> **TASK INPUTS**
_ _ _ _ _ _ _

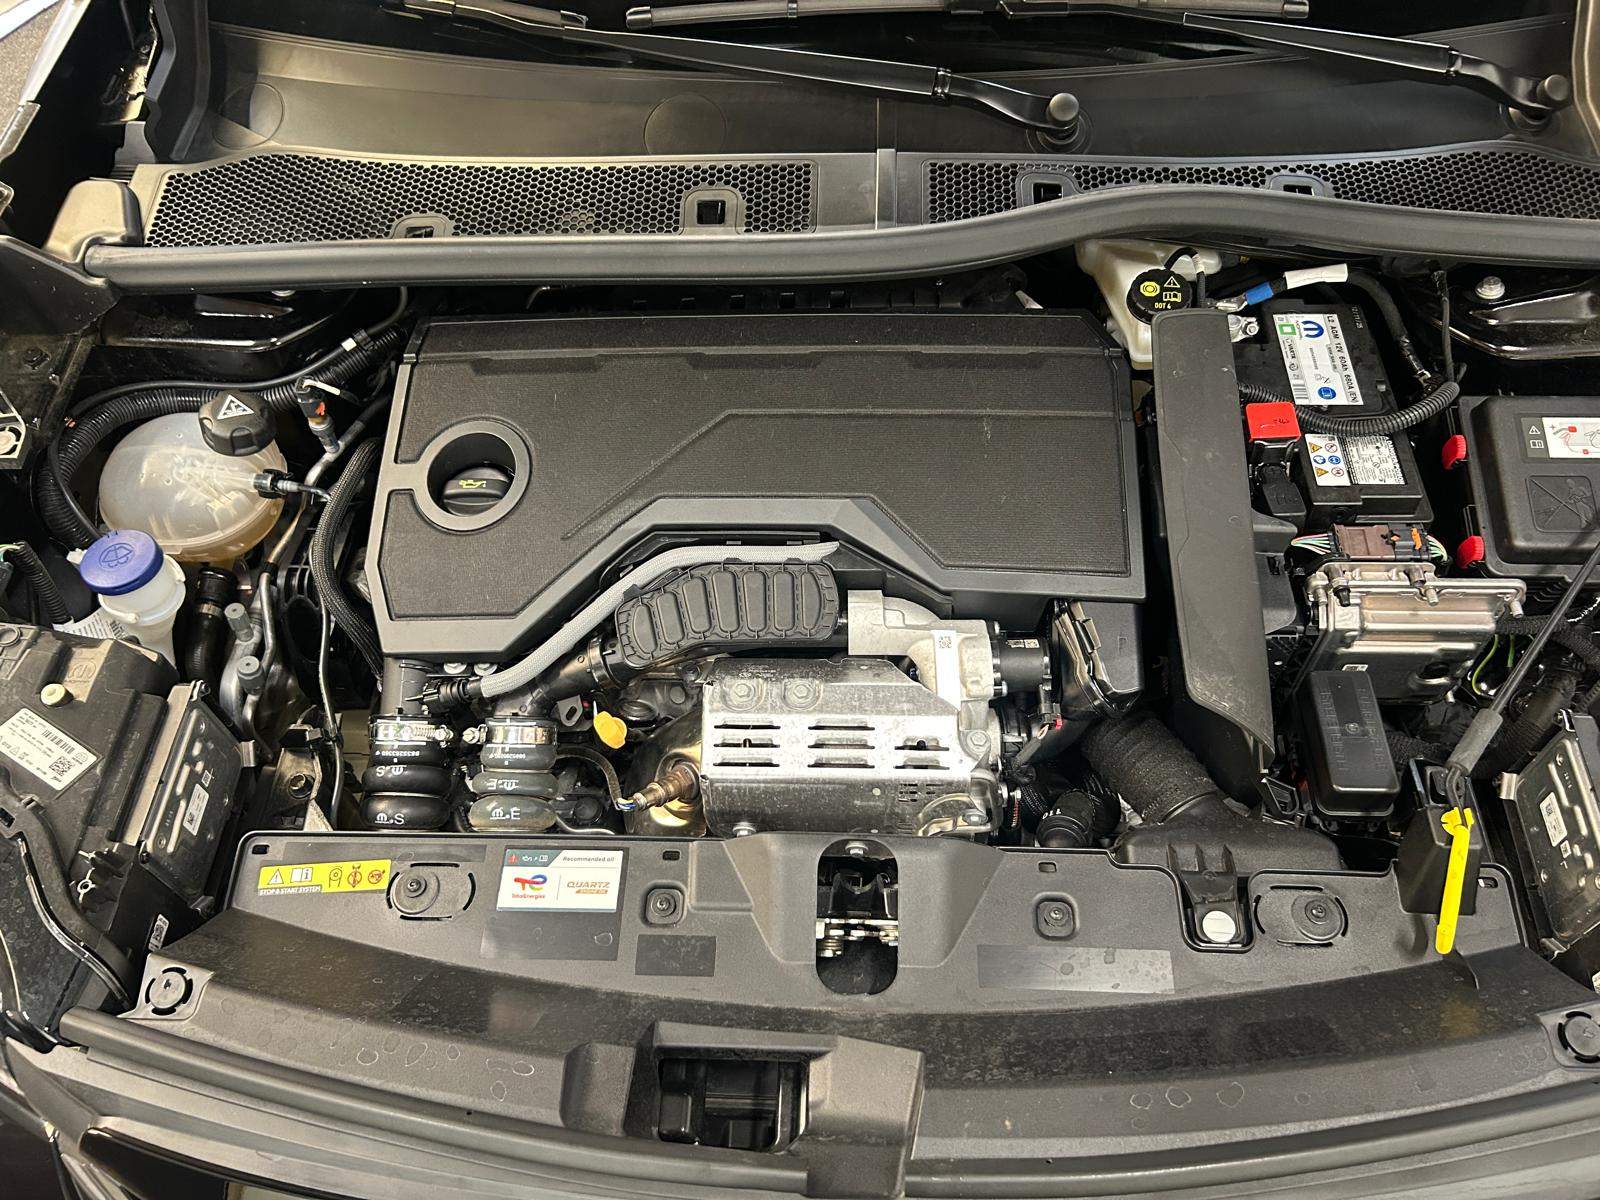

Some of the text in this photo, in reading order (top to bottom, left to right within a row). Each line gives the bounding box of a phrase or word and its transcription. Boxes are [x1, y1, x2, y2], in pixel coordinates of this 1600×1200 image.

[1327, 315, 1335, 323] L2
[1330, 325, 1340, 339] AGM
[1335, 342, 1344, 353] 12V
[1339, 356, 1349, 372] 60Ah
[566, 881, 610, 889] QUARTZ
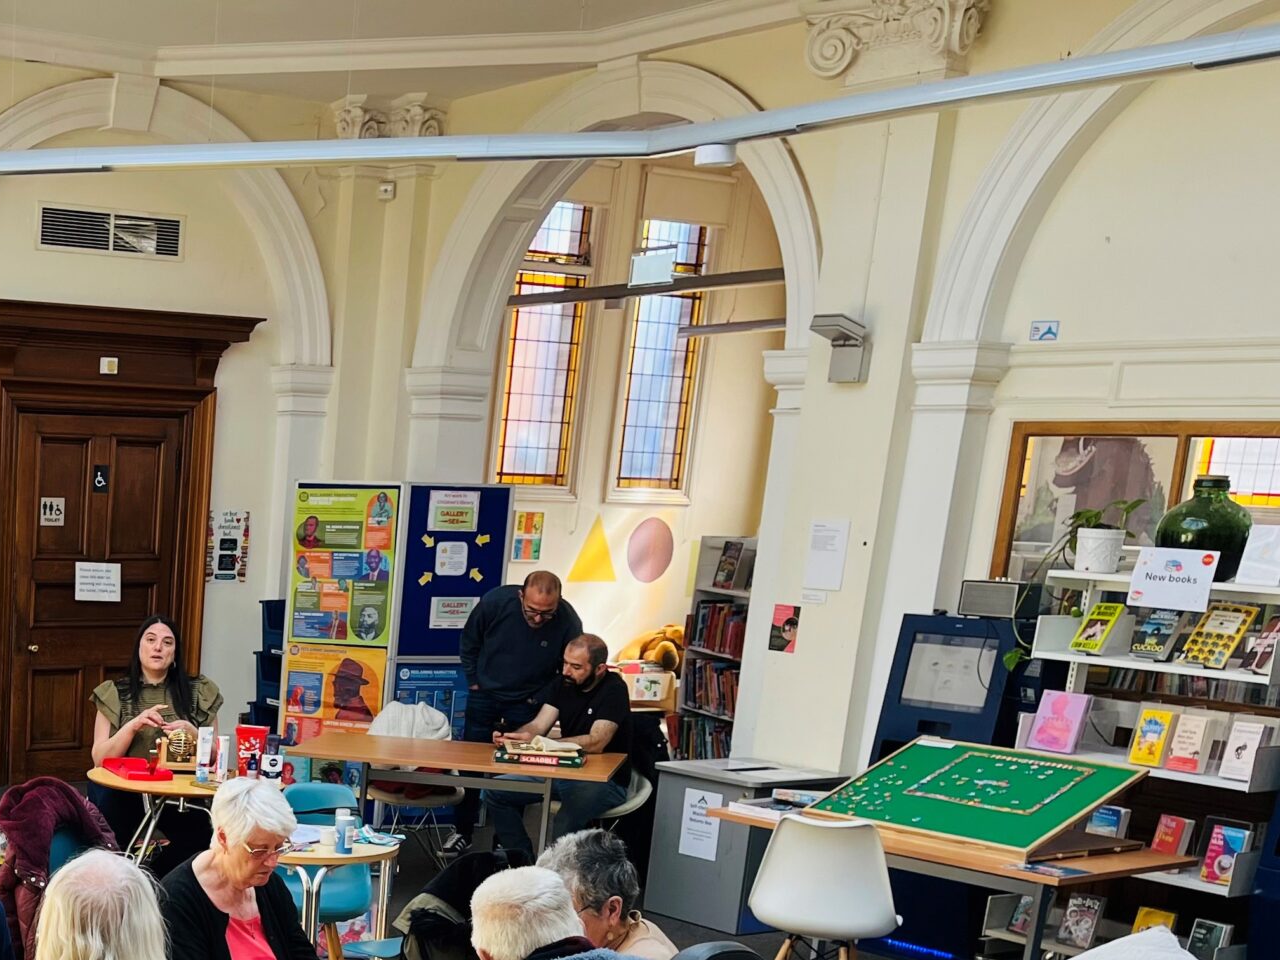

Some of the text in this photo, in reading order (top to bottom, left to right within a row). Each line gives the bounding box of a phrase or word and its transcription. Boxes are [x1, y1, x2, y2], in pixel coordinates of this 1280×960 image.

[1145, 572, 1198, 585] New books
[1132, 643, 1164, 652] CUCKOO
[521, 756, 559, 765] SCRABBLE

_ _ _ _ _ _ _

> **EXERCISE**
Without including the pictures, return each record above exactly as it stands.

> **SOLUTION**
Some of the text in this photo, in reading order (top to bottom, left to right within a row). Each line gives the bounding box of a phrase or word and its transcription. Boxes are [x1, y1, x2, y2], in pixel coordinates of this 1600×1200 image.

[1327, 315, 1335, 323] L2
[1330, 325, 1340, 339] AGM
[1335, 342, 1344, 353] 12V
[1339, 356, 1349, 372] 60Ah
[566, 881, 610, 889] QUARTZ

Some of the text in this photo, in reading order (top to bottom, left to right within a row). Each line gives the bounding box of a phrase or word and its transcription. Boxes are [x1, y1, x2, y2], in pixel coordinates of this 1280×960 image.

[1145, 572, 1198, 585] New books
[1132, 643, 1164, 652] CUCKOO
[521, 756, 559, 765] SCRABBLE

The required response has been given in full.